> [Work task] Provide an exact copy of the data, excluding the images.

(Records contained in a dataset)
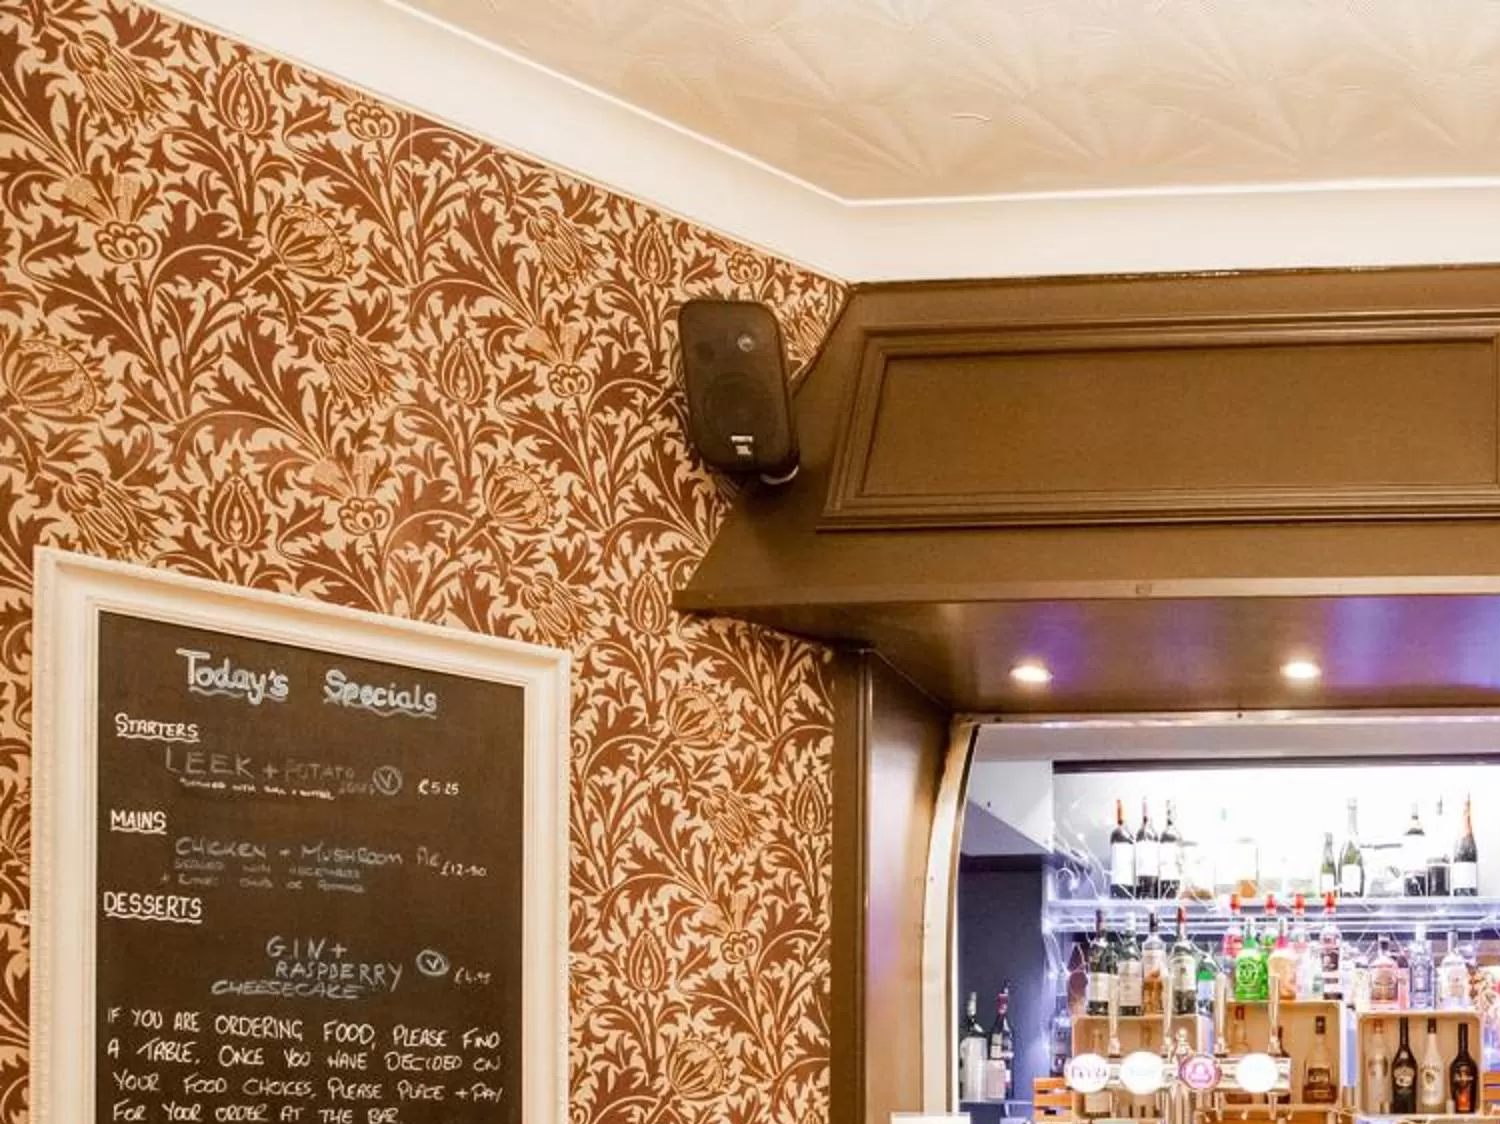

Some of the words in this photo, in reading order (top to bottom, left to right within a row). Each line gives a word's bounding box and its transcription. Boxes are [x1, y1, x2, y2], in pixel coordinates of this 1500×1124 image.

[176, 648, 289, 704] Today's
[323, 669, 437, 713] Specials
[115, 712, 199, 739] STARTERS
[165, 745, 255, 779] LEEK
[262, 763, 279, 780] +
[284, 758, 355, 782] POTATO
[110, 809, 167, 831] MAINS
[175, 836, 266, 859] CHICKEN
[301, 840, 403, 865] MUSHROOM
[104, 891, 202, 918] DESSERTS
[266, 935, 325, 960] GIN
[211, 979, 366, 1000] CHEESECAKE
[275, 960, 403, 993] RASPBERRY
[107, 1007, 121, 1024] IF
[132, 1009, 163, 1029] YOU
[173, 1011, 200, 1032] ARE
[215, 1015, 303, 1041] ORDERING
[323, 1020, 376, 1050] FOOD,
[393, 1024, 448, 1047] PLEASE
[462, 1027, 500, 1049] FIND
[107, 1037, 120, 1060] A
[218, 1045, 265, 1068] ONCE
[284, 1048, 312, 1068] YOU
[327, 1050, 369, 1072] HAVE
[384, 1051, 462, 1072] DECIDED
[473, 1056, 500, 1072] ON
[112, 1069, 160, 1092] YOUR
[183, 1072, 228, 1095] FOOD
[328, 1077, 383, 1100] PLEASE
[397, 1080, 446, 1100] PLACE
[471, 1082, 503, 1103] PAY
[112, 1099, 147, 1122] FOR
[161, 1101, 203, 1122] YOUR
[215, 1103, 269, 1122] ORDER
[280, 1105, 305, 1122] AT
[318, 1107, 353, 1124] THE

> [Solution to this exercise]
Some of the words in this photo, in reading order (top to bottom, left to right within a row). Each line gives a word's bounding box and its transcription. Boxes are [x1, y1, x2, y2], in pixel coordinates of this 1500×1124 image.

[176, 648, 289, 704] Today's
[323, 669, 437, 713] Specials
[115, 712, 199, 739] STARTERS
[165, 745, 255, 779] LEEK
[262, 763, 279, 780] +
[284, 758, 355, 782] POTATO
[110, 809, 167, 831] MAINS
[175, 836, 266, 859] CHICKEN
[301, 840, 403, 865] MUSHROOM
[104, 891, 202, 918] DESSERTS
[266, 935, 325, 960] GIN
[211, 979, 366, 1000] CHEESECAKE
[275, 960, 403, 993] RASPBERRY
[107, 1007, 121, 1024] IF
[132, 1009, 163, 1029] YOU
[173, 1011, 200, 1032] ARE
[215, 1015, 303, 1041] ORDERING
[323, 1020, 376, 1050] FOOD,
[393, 1024, 448, 1047] PLEASE
[462, 1027, 500, 1049] FIND
[107, 1037, 120, 1060] A
[218, 1045, 265, 1068] ONCE
[284, 1048, 312, 1068] YOU
[327, 1050, 369, 1072] HAVE
[384, 1051, 462, 1072] DECIDED
[473, 1056, 500, 1072] ON
[112, 1069, 160, 1092] YOUR
[183, 1072, 228, 1095] FOOD
[328, 1077, 383, 1100] PLEASE
[397, 1080, 446, 1100] PLACE
[471, 1082, 503, 1103] PAY
[112, 1099, 147, 1122] FOR
[161, 1101, 203, 1122] YOUR
[215, 1103, 269, 1122] ORDER
[280, 1105, 305, 1122] AT
[318, 1107, 353, 1124] THE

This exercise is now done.